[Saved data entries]
▶
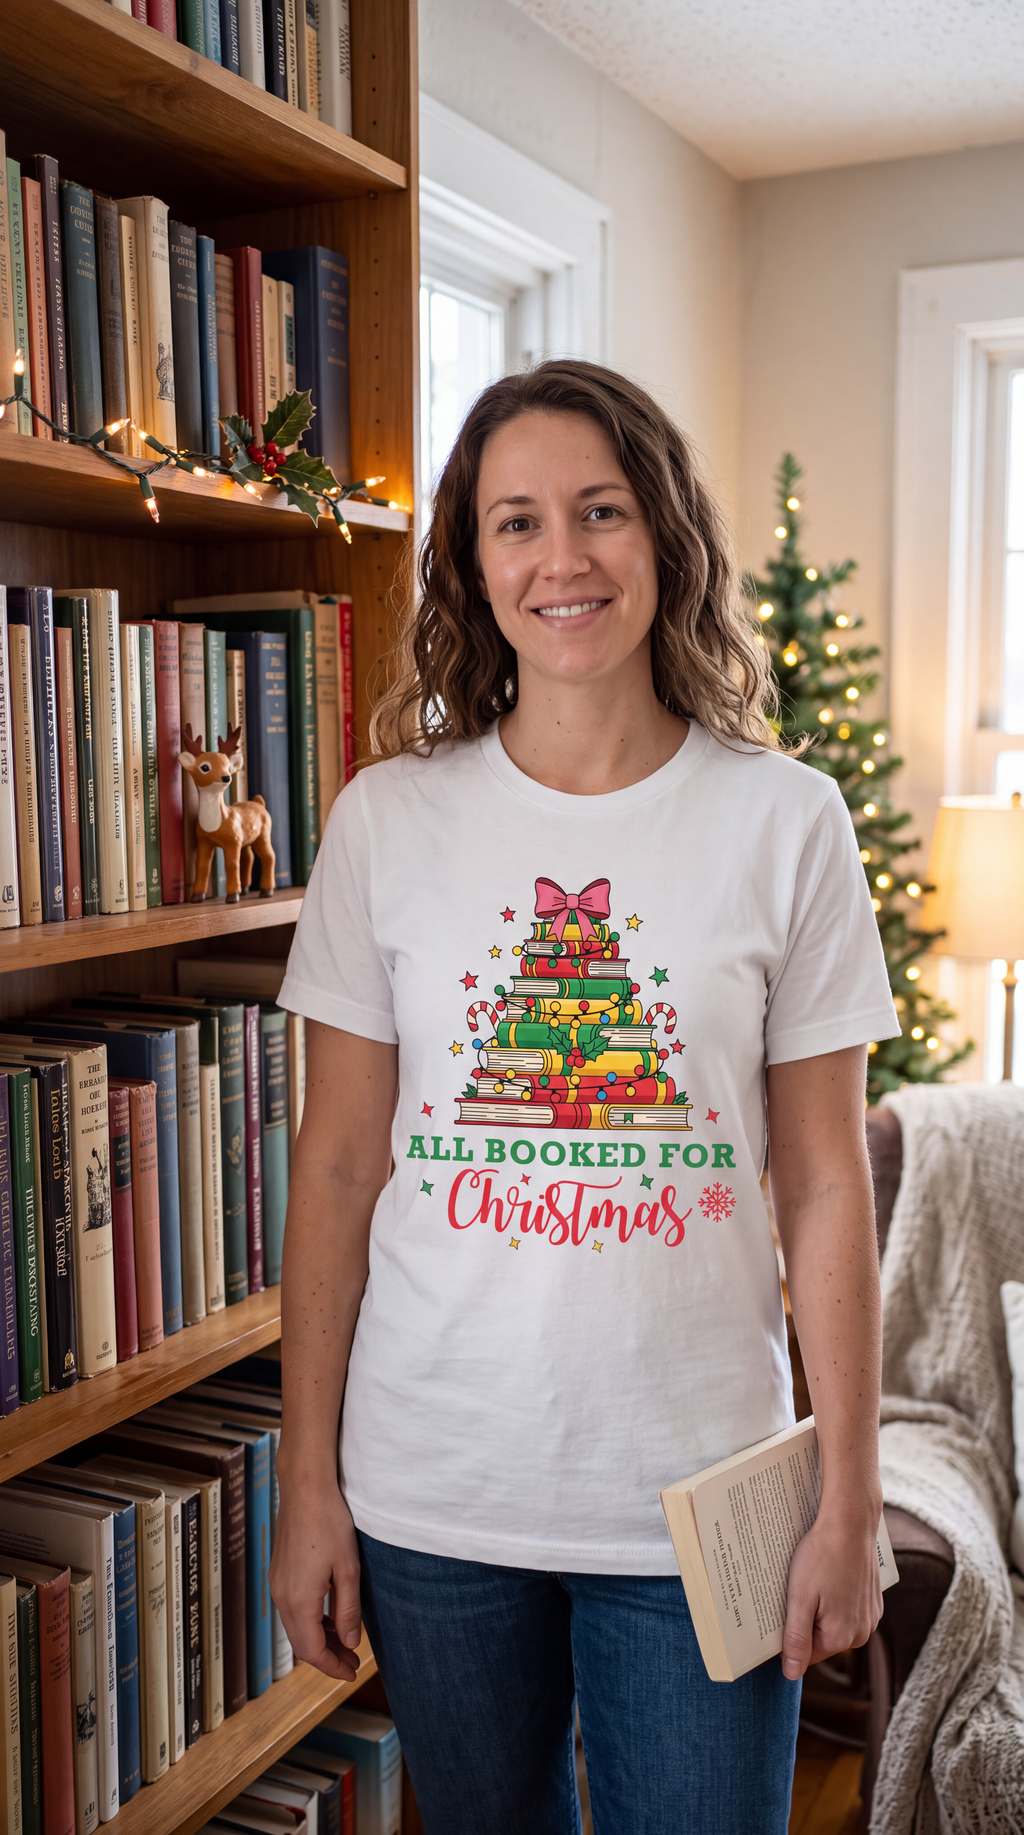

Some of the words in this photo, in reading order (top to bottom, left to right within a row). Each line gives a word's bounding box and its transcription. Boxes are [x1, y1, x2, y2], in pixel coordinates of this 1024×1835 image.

[87, 1064, 101, 1074] THE
[407, 1136, 473, 1161] ALL
[485, 1139, 645, 1167] BOOKED
[659, 1144, 736, 1168] FOR
[448, 1168, 692, 1247] Christmas
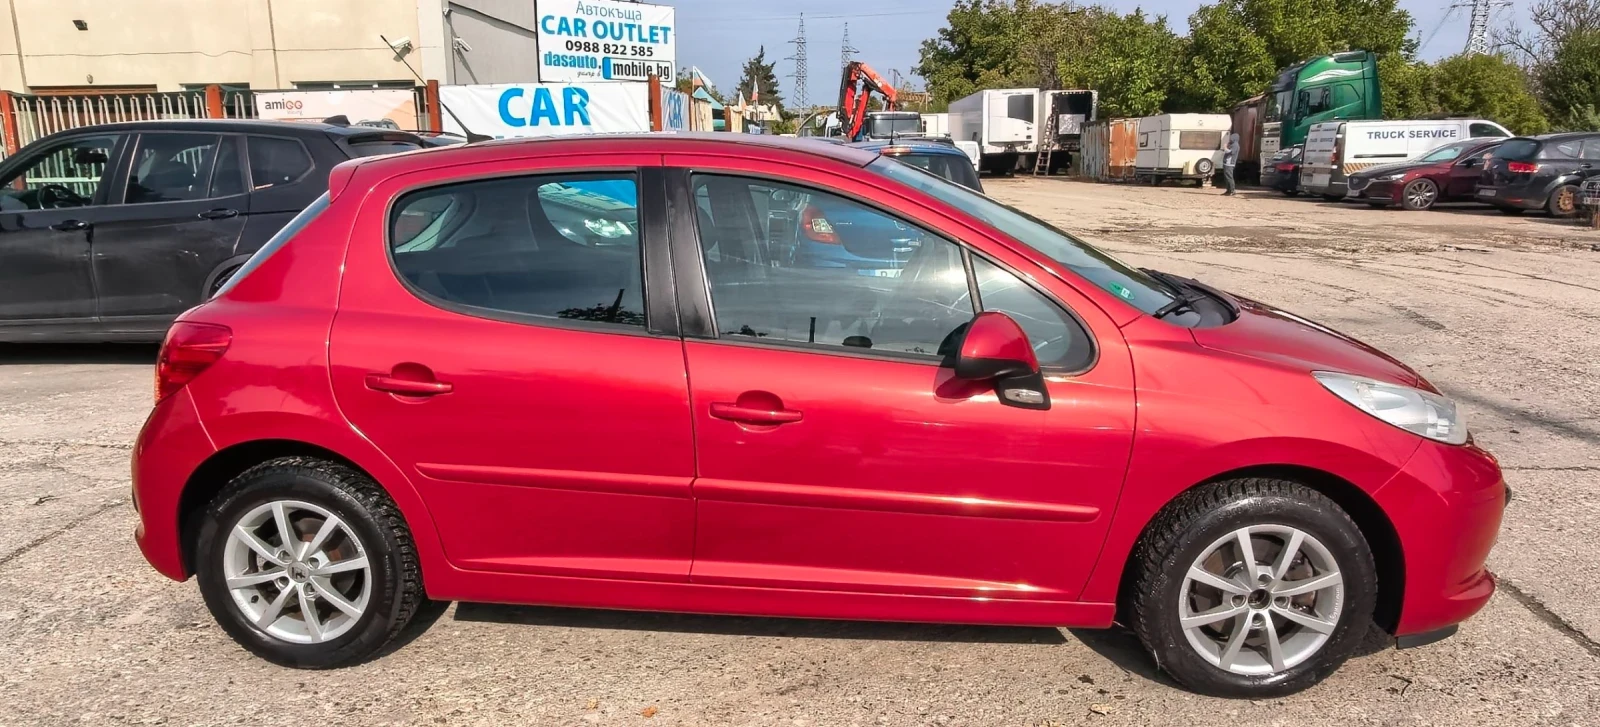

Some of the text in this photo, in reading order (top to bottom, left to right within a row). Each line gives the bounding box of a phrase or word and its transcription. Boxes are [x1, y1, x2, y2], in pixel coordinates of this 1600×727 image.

[576, 1, 642, 22] Автокъща
[541, 15, 671, 44] CAR OUTLET
[565, 40, 654, 57] 0988 822 585
[613, 61, 670, 80] mobilebg
[498, 87, 592, 128] CAR
[1367, 129, 1457, 140] TRUCK SERVICE
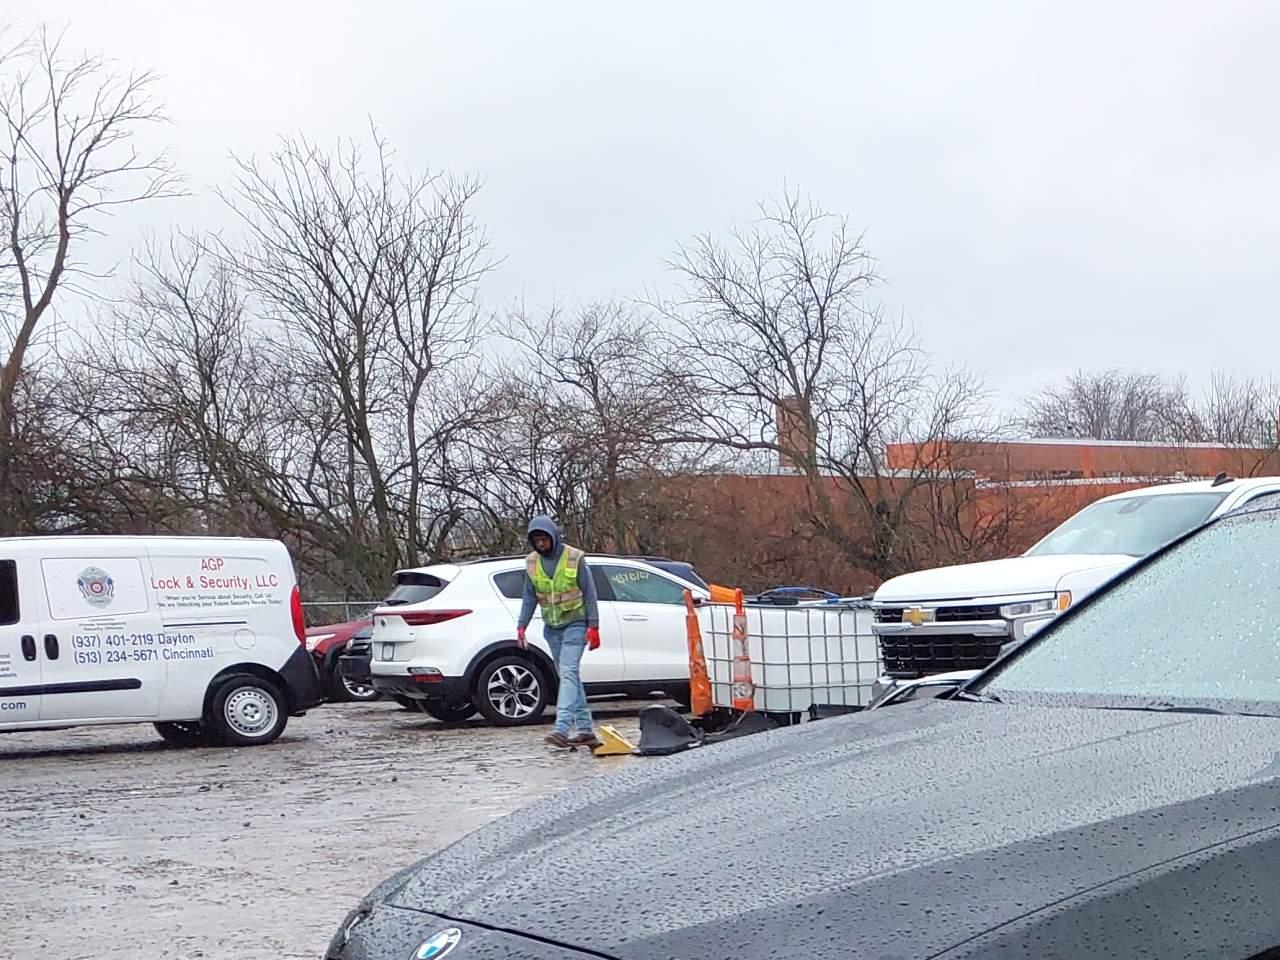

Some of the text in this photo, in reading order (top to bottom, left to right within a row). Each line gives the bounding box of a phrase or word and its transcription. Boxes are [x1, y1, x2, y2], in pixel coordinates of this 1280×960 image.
◀
▶ **EXERCISE BRIEF**
Make a word-for-word copy of the records above, excluding all pictures.

▶ **EXERCISE RESULT**
Some of the words in this photo, in reading order (top to bottom, left to right within a row). Each line gives a word's bounding box and its transcription. Boxes are [x1, y1, x2, y2], in pixel coordinates of this 1024×1835 image.

[87, 1064, 101, 1074] THE
[407, 1136, 473, 1161] ALL
[485, 1139, 645, 1167] BOOKED
[659, 1144, 736, 1168] FOR
[448, 1168, 692, 1247] Christmas

Some of the text in this photo, in reading order (top to bottom, left to right within a row). Each line gives the bounding box of a phrase or word and its transcription. Boxes are [x1, y1, x2, y2], in pixel coordinates of this 1600×727 image.

[576, 1, 642, 22] Автокъща
[541, 15, 671, 44] CAR OUTLET
[565, 40, 654, 57] 0988 822 585
[613, 61, 670, 80] mobilebg
[498, 87, 592, 128] CAR
[1367, 129, 1457, 140] TRUCK SERVICE

Some of the text in this photo, in reading order (top to bottom, left to right within a row). Each line gives the bounding box of a phrase or word and its transcription. Boxes are [x1, y1, x2, y2], in pixel coordinates of this 1280×960 image.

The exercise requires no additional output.